PAPEETE, 3 juin 2019 - Le Conseil des retraites est saisi par le gouvernement dans le cadre d'une procédure d'urgence pour rendre un avis sur 39 projets d'articles liés à la réforme des retraites, applicable dès juillet prochain. L'instance compte proposer de surseoir pendant 6 mois à l'application de pénalités de départ pour cotisations insuffisantes.

Le Conseil d’orientation et de suivi des retraites (COSR) a réuni ses membres lundi matin pour une première séance de travail. La réunion a été suspendue peu avant 13 heures. Les travaux reprennent mardi matin avec à la clé, en fin de journée, un avis motivé rendu sur les projets de textes qui lui sont présentés. 

Ses travaux doivent se dérouler mardi, au moins une partie de la journée, en présence d’un actuaire de la Caisse de prévoyance sociale. Il sera chargé d’éclairer le Conseil des retraites sur les effets financiers des ajustements paramétriques que pourraient voter ses membres en contrepoint de ceux proposés par le gouvernement.

L’instance consultative est saisie depuis le 16 mai dernier, dans le cadre d’une procédure d’urgence. Faute d’avis avant le 5 juin, sa position sera réputée favorable. 

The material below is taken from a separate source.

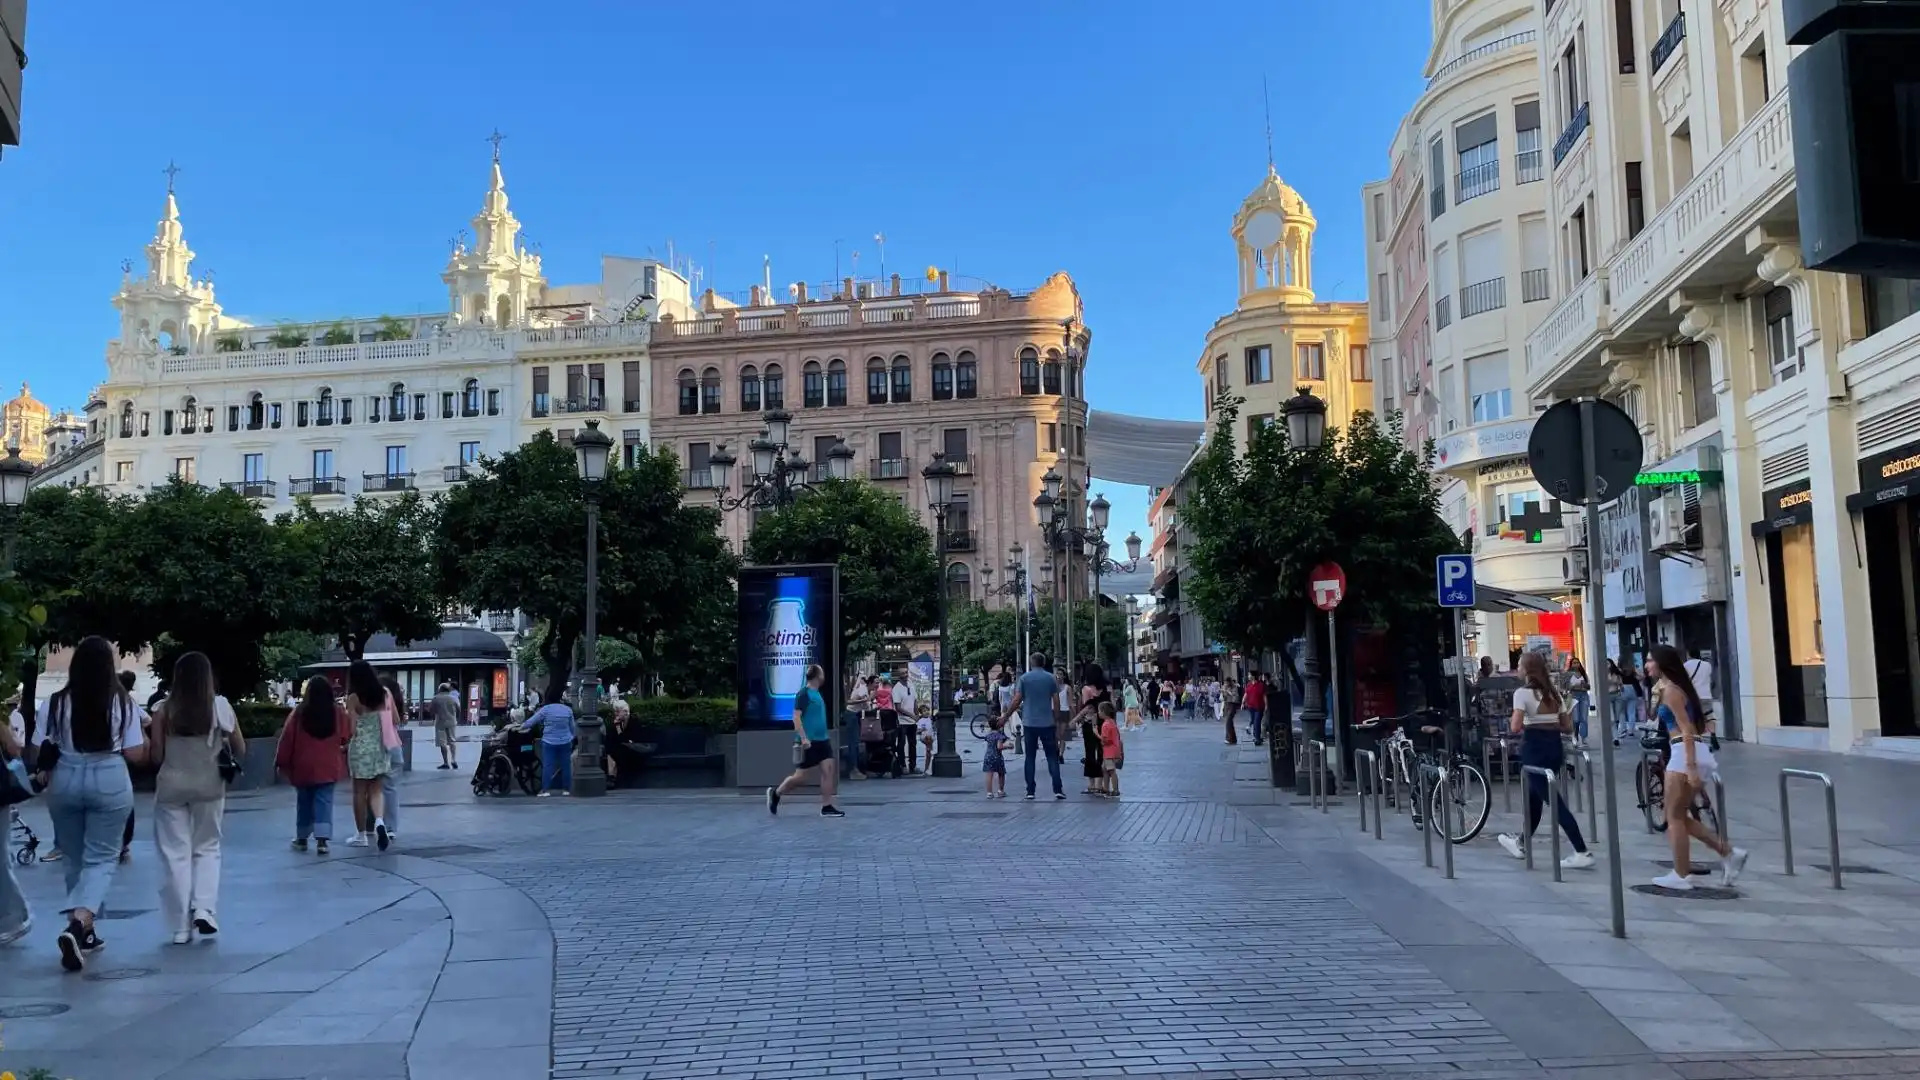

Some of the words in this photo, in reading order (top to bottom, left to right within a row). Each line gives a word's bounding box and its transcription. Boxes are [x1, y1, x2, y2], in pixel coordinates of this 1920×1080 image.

[1635, 471, 1700, 485] FARMACIA
[1444, 561, 1467, 588] P
[1623, 565, 1645, 594] CIA
[757, 626, 816, 646] Actimel

Trois projets d’arrêtés son soumis à son avis, soit au total 39 articles portant sur la fixation de paramètres dont l’application doit avoir lieu avant le 1er juillet prochain, date d’entrée en vigueur du système réformé d’assurance vieillesse polynésien.  

Retour du "ET-Ou"

Pour le syndicat A Ti’a I Mua, dont le représentant Dimitri Pitoeff préside aujourd'hui le Conseil des retraites, l'occasion est idéale de remettre au goût du jour la question du "Et-Ou", abandonnée au moment du vote de la loi du Pays, en septembre dernier. Au nombre des projets de textes soumis à l'avis du COSR, figure celui sur le taux d'abattement en cas de durée de cotisation inférieure au seuil légal de 35 ans. L'avis du Conseil des retraites devrait aller dans le sens d'une fixation de ce taux à 0 % de juillet à décembre prochain, pour ajourner l'effet de ce taux jusqu'au 1er janvier 2020 au moins.

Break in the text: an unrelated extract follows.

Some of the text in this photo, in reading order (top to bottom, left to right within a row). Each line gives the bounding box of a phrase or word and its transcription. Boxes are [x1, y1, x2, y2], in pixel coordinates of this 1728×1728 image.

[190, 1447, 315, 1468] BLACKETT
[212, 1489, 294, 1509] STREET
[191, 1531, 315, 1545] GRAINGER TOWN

Pour mémoire, le coût de l'amendement "Et-Ou", près de 18 milliards sur 20 ans, avait fait reculer le gouvernement et le Tapura Huiraatira au moment de voter la loi à Tarahoi, en septembre.

En clair la question du "Et-Ou" est celle-ci : au 1er juillet prochain, faudra-t-il travailler jusqu’à l’âge légal de 60 ans ET avoir cotisé au moins 35 ans pour prétendre à une retraite à taux plein, comme le prévoit aujourd’hui la loi réformant le système polynésien de retraites par répartition ? Ou, pourra-t-on prendre sa retraite indifféremment après 35 ans de cotisation (à taux plein, quel que soit son âge) ; ou à partir de l’âge de 60 ans sans avoir cotisé au moins 35 ans ?  

La loi prévoit que les conditions d’âge et de durée de cotisation soient exigées pour une retraite à taux plein. Mais comme le rappelait en avril dernier Dimitri Pitoeff, aujourd’hui président du COSR, "Un taux peut très bien être fixé à 0 %". Ce taux serait celui de l’abattement applicable en cas de départ à la retraite avant d’avoir atteint les 420 mois (35 ans) de cotisation. Pas de taux, pas de pénalité : on revient au système du "Ou", alors que le "Et" est inscrit dans la loi. De son côté, le gouvernement prévoit d’appliquer dès juillet un taux de 0,5 % par trimestre manquant, soit 2 % par année de cotisation manquante.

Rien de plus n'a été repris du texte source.